The post was migrated from Yahoo.
Yahoo Bot
Posts: 22904
Joined: Sun Oct 18, 2020 11:38 pm


Here's authority I use:
Section 105(a) of the United States Bankruptcy Code empowers the Court to
issue any order, process, or judgment that is necessary or appropriate to
carry out the provisions of the Bankruptcy Code. 11 U.S.C. 105. The
basic purpose of Section 105(a) is "to enable the court to do whatever is
necessary to aid in its jurisdiction, in anything arising in or relating to
a bankruptcy case." 2 *Collier on Bankruptcy* 105.02 at 105-4 (15th ed.
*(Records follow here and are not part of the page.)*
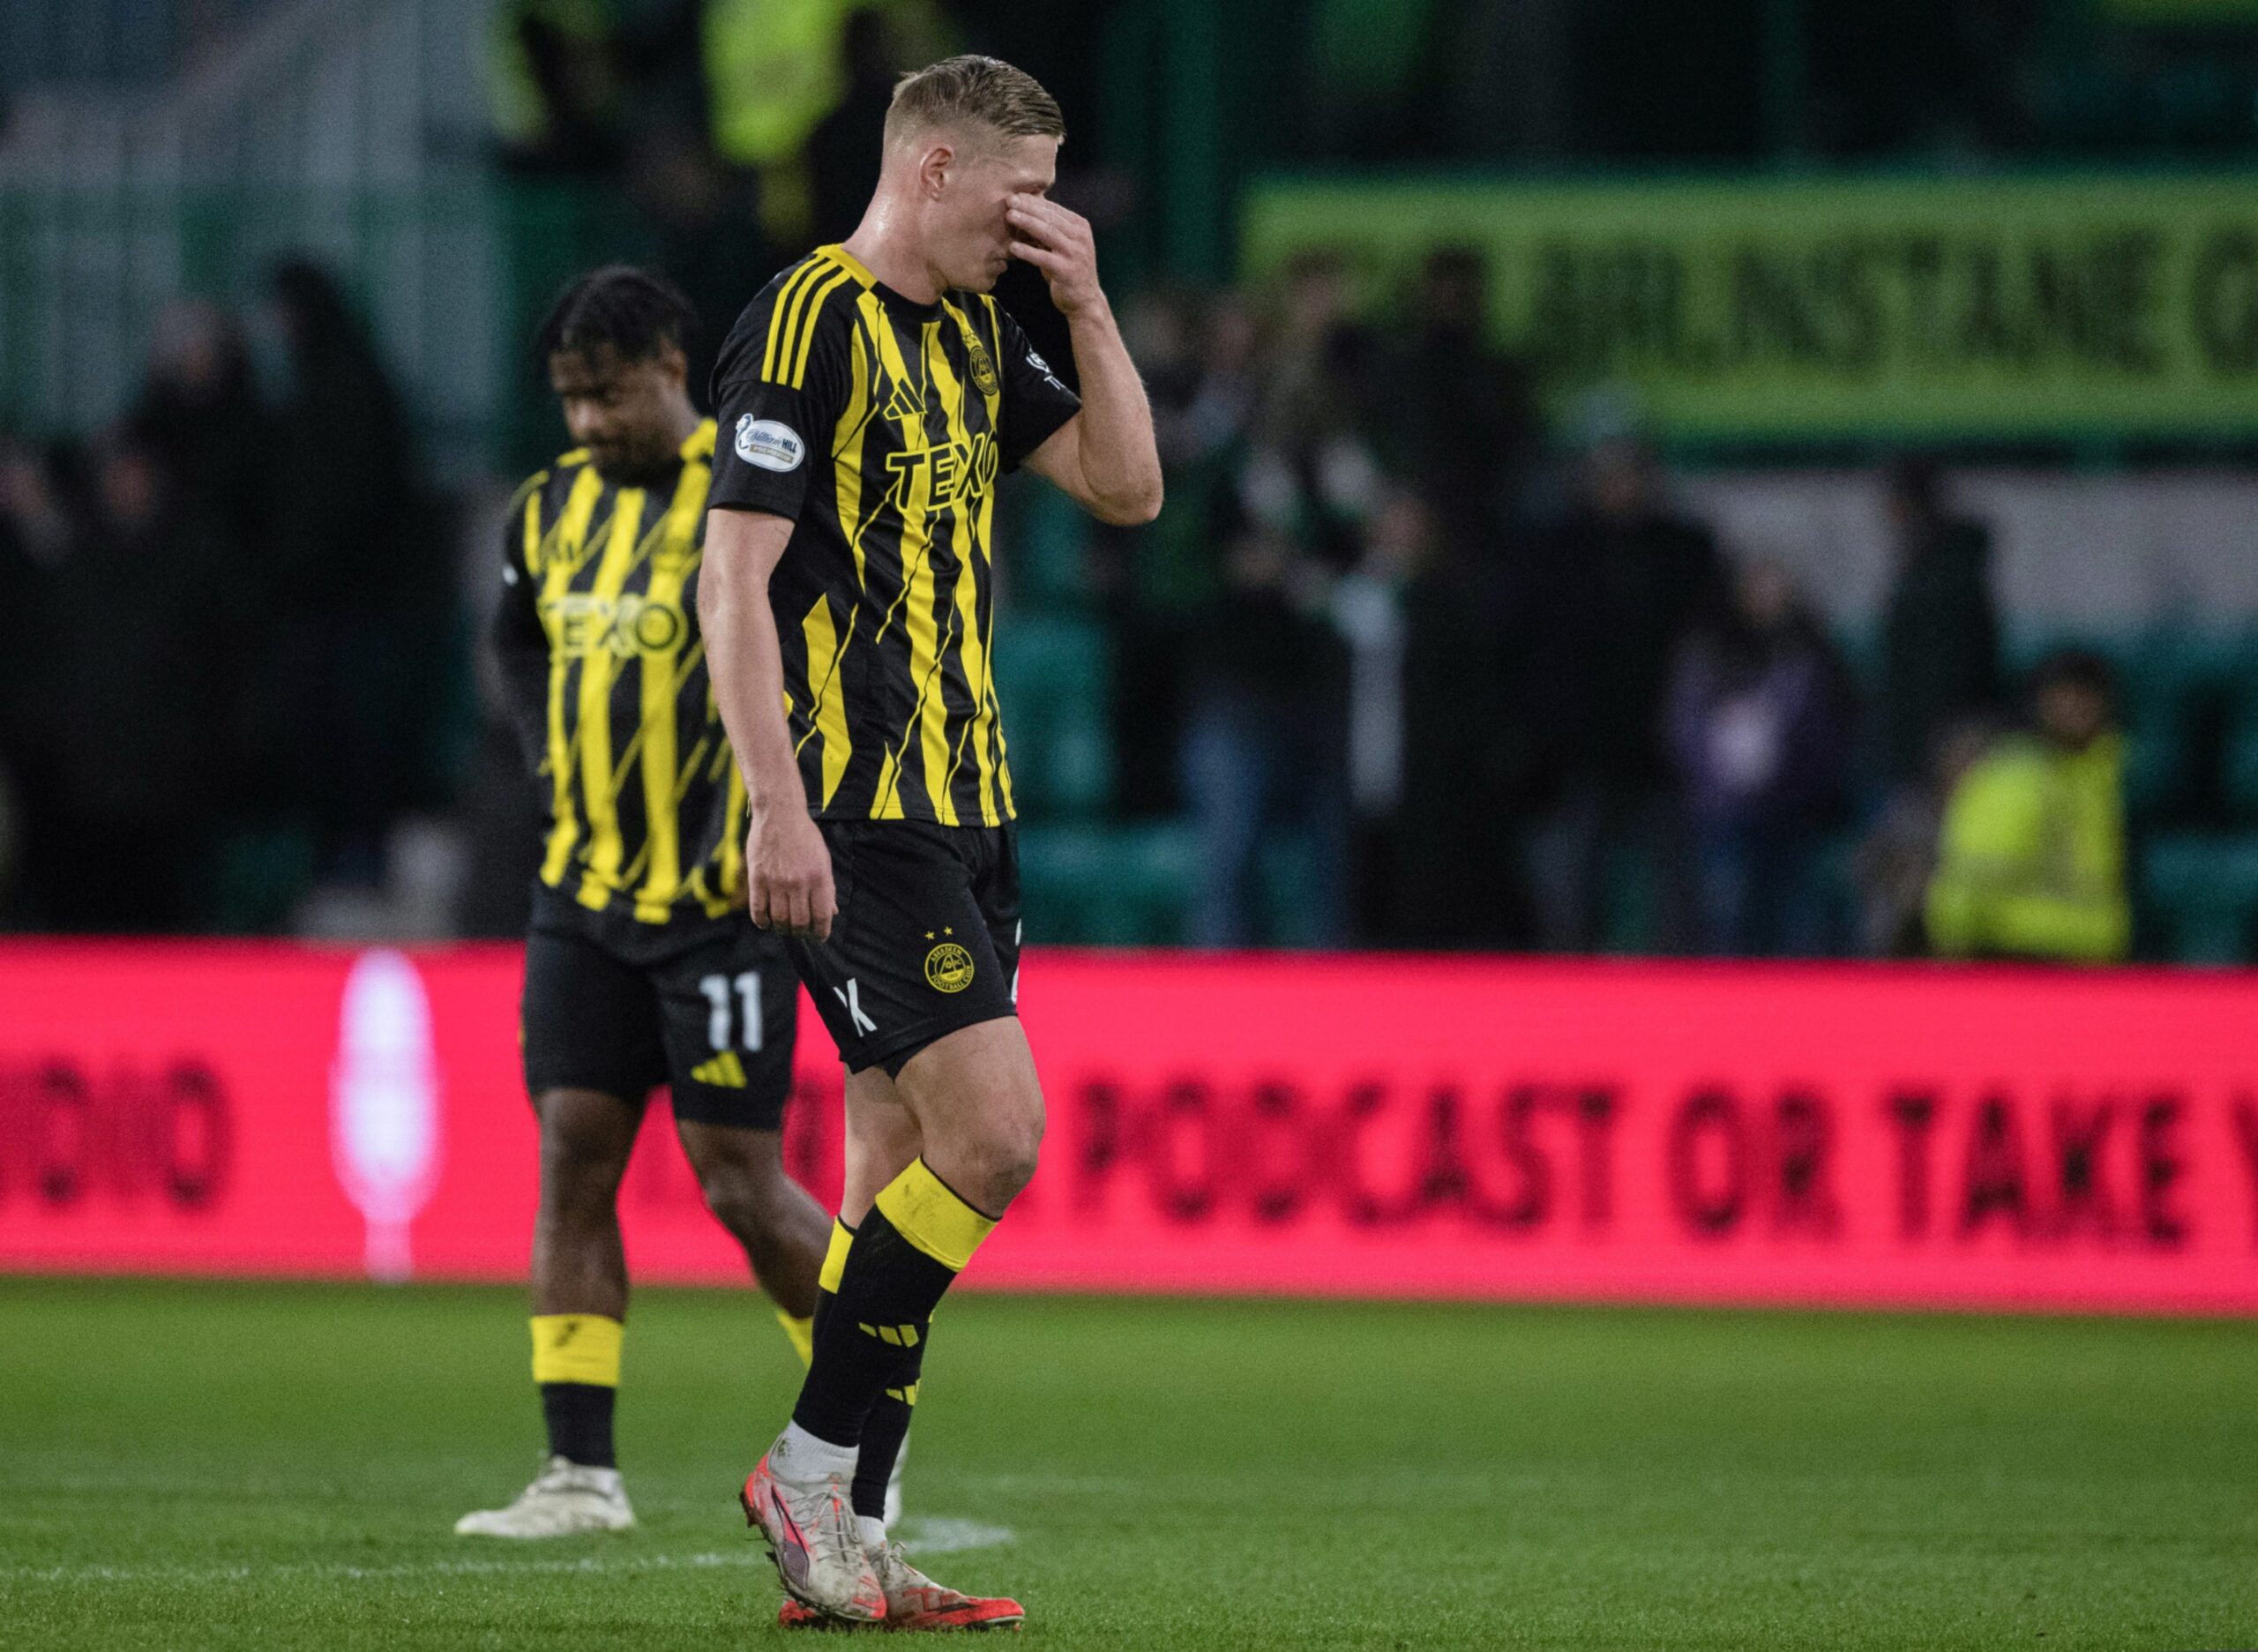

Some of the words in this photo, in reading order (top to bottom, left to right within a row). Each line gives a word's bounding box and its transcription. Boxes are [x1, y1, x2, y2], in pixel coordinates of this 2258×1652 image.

[781, 437, 797, 453] HILL
[886, 430, 998, 512] TEXO
[536, 594, 689, 660] TEXO
[931, 946, 962, 962] ABERDEEN
[931, 975, 965, 990] FOOTBALL
[699, 972, 763, 1051] 11
[1071, 1078, 1625, 1235] PODCAST
[1671, 1083, 1843, 1242] OR
[1879, 1083, 2189, 1251] TAKE
1988). Essentially, Section 105(a) codifies the bankruptcy court's
inherent equitable powers. See, *In re Feit & Drexler, Inc.*, 760 F.2d 406
(2d Cir. 1985).
Section 507(a)(4) of the Bankruptcy Code provides, in pertinent part, as
follows:
(a) The following expenses and claims have priority in the following order:(4) Fourth, allowed unsecured claims, but only to the extent of $12,475 for
each individual earned within 180 days before the date of the filing of
the petition for--
(A) wages, salaries, or commissions, including vacation, severance, and
sick leave pay earned by an individual;
11 U.S.C. 507(a)(3).
As set forth above, Section 507(a)(4) affords priority status to unsecured
claims for wages, salaries or commissions, including vacation, severance,
and sick leave pay earned by an individual within 180 days before the
filing of a bankruptcy petition to the extent of $12,475.00 for each such
individual.
Bankruptcy courts have authorized debtors to pay pre-petition priority wage
claims as a means of allowing debtors to maintain their work force and
thereby preserve the debtors ability to operate in the ordinary course,
without the disruption of employee defections.
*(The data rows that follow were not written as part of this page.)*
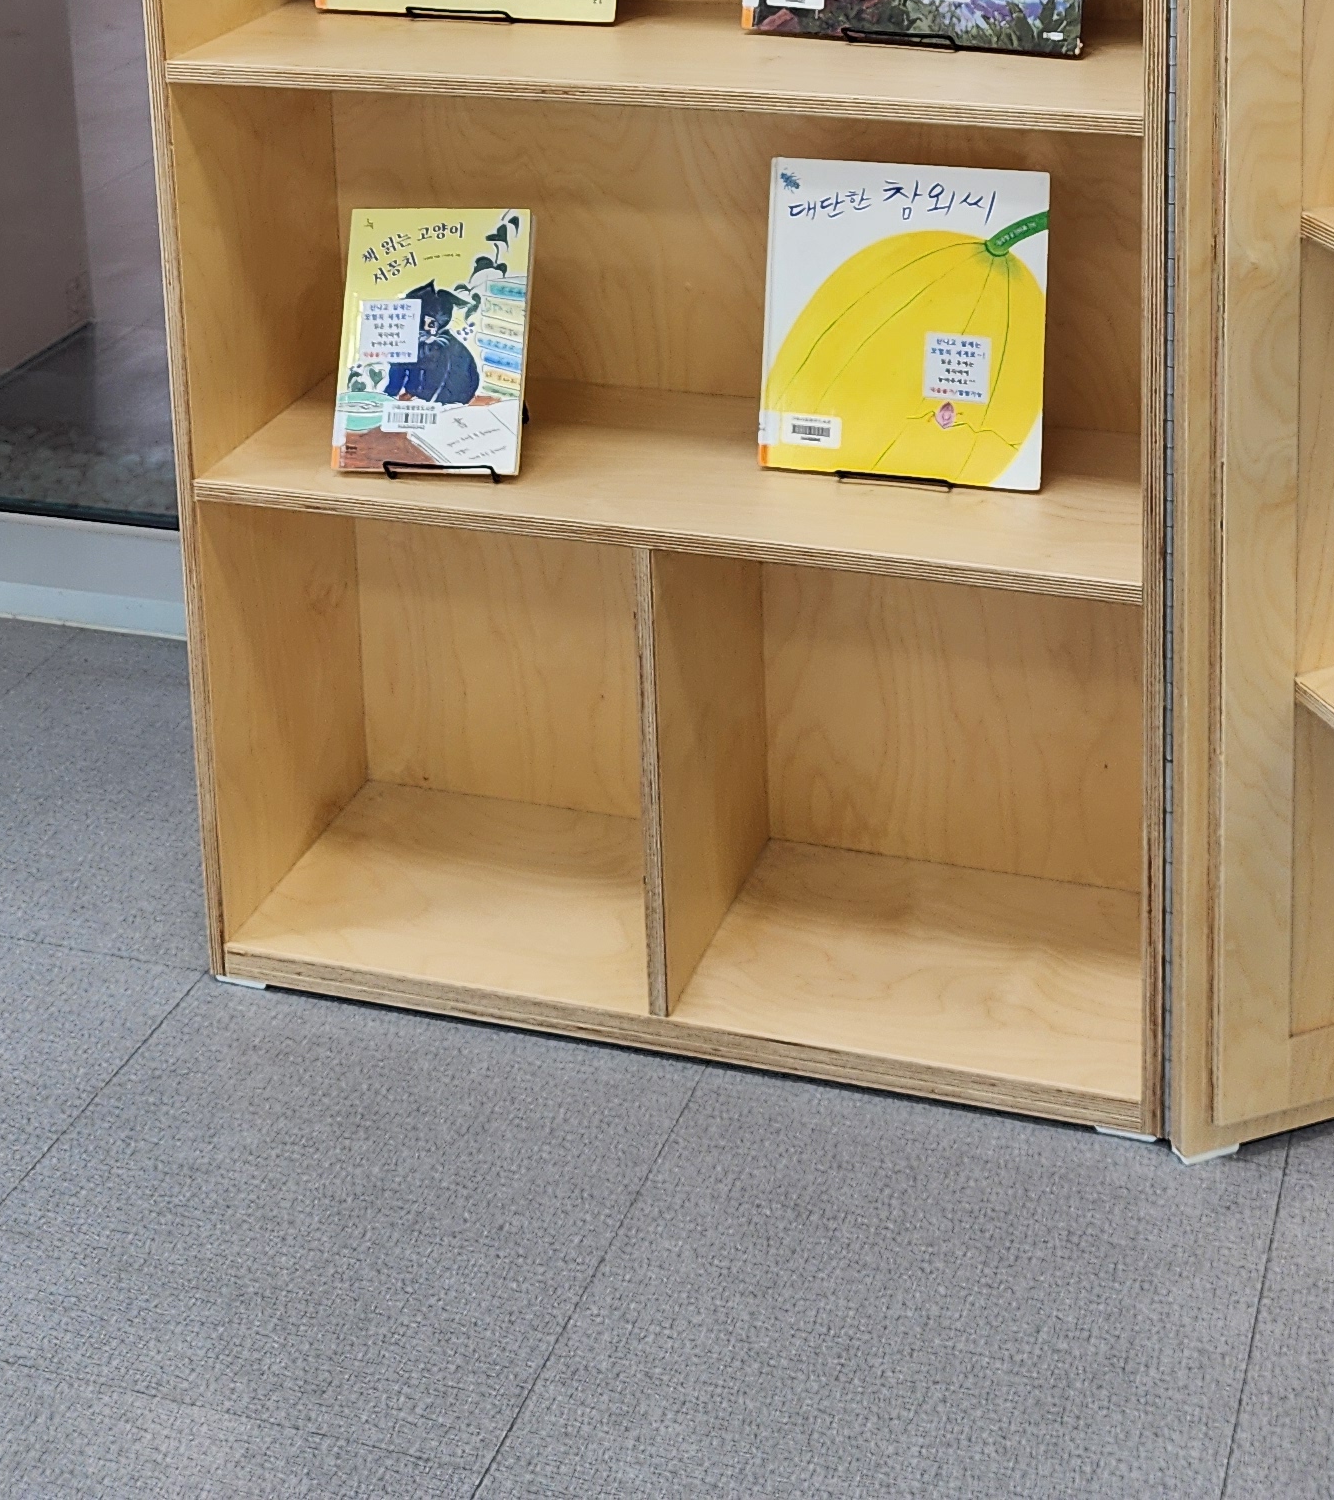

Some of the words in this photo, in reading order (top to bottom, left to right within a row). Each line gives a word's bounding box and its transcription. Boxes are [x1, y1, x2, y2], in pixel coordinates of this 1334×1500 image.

[789, 188, 873, 220] 대단한
[882, 179, 997, 225] 참외씨
[362, 247, 379, 263] 책
[381, 234, 411, 255] 읽는
[417, 222, 463, 241] 고양이
In the early days of this case, the court entered orders permitting the
post- petition payment of certain pre-petition wage and wage-related
claims. As is often the case in operating Chapter 11 cases, the court did
this for two reasons. First, it was necessary that Braniff pay its
employees for work performed pre-petition if the employees were to remain
on the job post- petition. The filing of a bankruptcy case presents many
uncertainties for employees. If their pay is interrupted, employees are
obviously not going to remain on the job despite the fact that their
continuation in place is vitally important for the debtor.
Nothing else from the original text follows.